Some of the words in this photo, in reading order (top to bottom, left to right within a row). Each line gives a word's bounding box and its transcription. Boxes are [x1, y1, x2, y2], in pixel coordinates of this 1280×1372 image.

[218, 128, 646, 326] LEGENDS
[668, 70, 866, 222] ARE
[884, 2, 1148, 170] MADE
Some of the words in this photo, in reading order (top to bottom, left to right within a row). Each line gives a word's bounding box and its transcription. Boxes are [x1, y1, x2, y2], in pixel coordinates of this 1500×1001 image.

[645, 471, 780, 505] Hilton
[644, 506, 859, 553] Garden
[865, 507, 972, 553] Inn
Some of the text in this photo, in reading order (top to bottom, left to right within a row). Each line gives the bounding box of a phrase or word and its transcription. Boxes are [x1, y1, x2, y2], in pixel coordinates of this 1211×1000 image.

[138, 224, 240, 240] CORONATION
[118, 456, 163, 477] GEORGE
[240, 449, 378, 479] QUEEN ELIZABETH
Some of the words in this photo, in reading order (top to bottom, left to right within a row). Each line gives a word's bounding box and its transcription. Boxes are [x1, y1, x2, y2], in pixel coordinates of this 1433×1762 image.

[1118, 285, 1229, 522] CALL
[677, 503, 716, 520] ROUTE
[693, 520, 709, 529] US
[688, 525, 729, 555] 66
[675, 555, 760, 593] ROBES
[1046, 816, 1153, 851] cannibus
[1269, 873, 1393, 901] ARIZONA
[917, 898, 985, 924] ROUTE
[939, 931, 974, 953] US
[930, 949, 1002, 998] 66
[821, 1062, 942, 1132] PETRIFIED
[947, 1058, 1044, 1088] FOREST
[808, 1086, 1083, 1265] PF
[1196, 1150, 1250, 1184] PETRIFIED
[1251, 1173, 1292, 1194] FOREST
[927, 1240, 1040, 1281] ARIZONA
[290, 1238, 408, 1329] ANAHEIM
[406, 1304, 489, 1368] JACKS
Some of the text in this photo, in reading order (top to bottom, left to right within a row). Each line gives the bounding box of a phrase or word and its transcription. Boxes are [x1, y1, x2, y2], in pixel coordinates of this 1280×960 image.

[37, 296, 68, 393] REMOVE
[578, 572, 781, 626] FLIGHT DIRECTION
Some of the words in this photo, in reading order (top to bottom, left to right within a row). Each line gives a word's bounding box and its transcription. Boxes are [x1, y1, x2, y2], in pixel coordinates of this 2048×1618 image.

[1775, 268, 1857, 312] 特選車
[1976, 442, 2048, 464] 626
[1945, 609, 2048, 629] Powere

───

# Task objective:
Please restate the preceding entries word for word.

# Result:
Some of the words in this photo, in reading order (top to bottom, left to right within a row). Each line gives a word's bounding box and its transcription. Boxes are [x1, y1, x2, y2], in pixel coordinates of this 1280×1372 image.

[218, 128, 646, 326] LEGENDS
[668, 70, 866, 222] ARE
[884, 2, 1148, 170] MADE
Some of the words in this photo, in reading order (top to bottom, left to right within a row). Each line gives a word's bounding box and its transcription. Boxes are [x1, y1, x2, y2], in pixel coordinates of this 1500×1001 image.

[645, 471, 780, 505] Hilton
[644, 506, 859, 553] Garden
[865, 507, 972, 553] Inn
Some of the text in this photo, in reading order (top to bottom, left to right within a row). Each line gives the bounding box of a phrase or word and its transcription. Boxes are [x1, y1, x2, y2], in pixel coordinates of this 1211×1000 image.

[138, 224, 240, 240] CORONATION
[118, 456, 163, 477] GEORGE
[240, 449, 378, 479] QUEEN ELIZABETH
Some of the words in this photo, in reading order (top to bottom, left to right within a row). Each line gives a word's bounding box and its transcription. Boxes are [x1, y1, x2, y2], in pixel coordinates of this 1433×1762 image.

[1118, 285, 1229, 522] CALL
[677, 503, 716, 520] ROUTE
[693, 520, 709, 529] US
[688, 525, 729, 555] 66
[675, 555, 760, 593] ROBES
[1046, 816, 1153, 851] cannibus
[1269, 873, 1393, 901] ARIZONA
[917, 898, 985, 924] ROUTE
[939, 931, 974, 953] US
[930, 949, 1002, 998] 66
[821, 1062, 942, 1132] PETRIFIED
[947, 1058, 1044, 1088] FOREST
[808, 1086, 1083, 1265] PF
[1196, 1150, 1250, 1184] PETRIFIED
[1251, 1173, 1292, 1194] FOREST
[927, 1240, 1040, 1281] ARIZONA
[290, 1238, 408, 1329] ANAHEIM
[406, 1304, 489, 1368] JACKS
Some of the text in this photo, in reading order (top to bottom, left to right within a row). Each line gives the bounding box of a phrase or word and its transcription. Boxes are [x1, y1, x2, y2], in pixel coordinates of this 1280×960 image.

[37, 296, 68, 393] REMOVE
[578, 572, 781, 626] FLIGHT DIRECTION
Some of the words in this photo, in reading order (top to bottom, left to right within a row). Each line gives a word's bounding box and its transcription. Boxes are [x1, y1, x2, y2], in pixel coordinates of this 2048×1618 image.

[1775, 268, 1857, 312] 特選車
[1976, 442, 2048, 464] 626
[1945, 609, 2048, 629] Powere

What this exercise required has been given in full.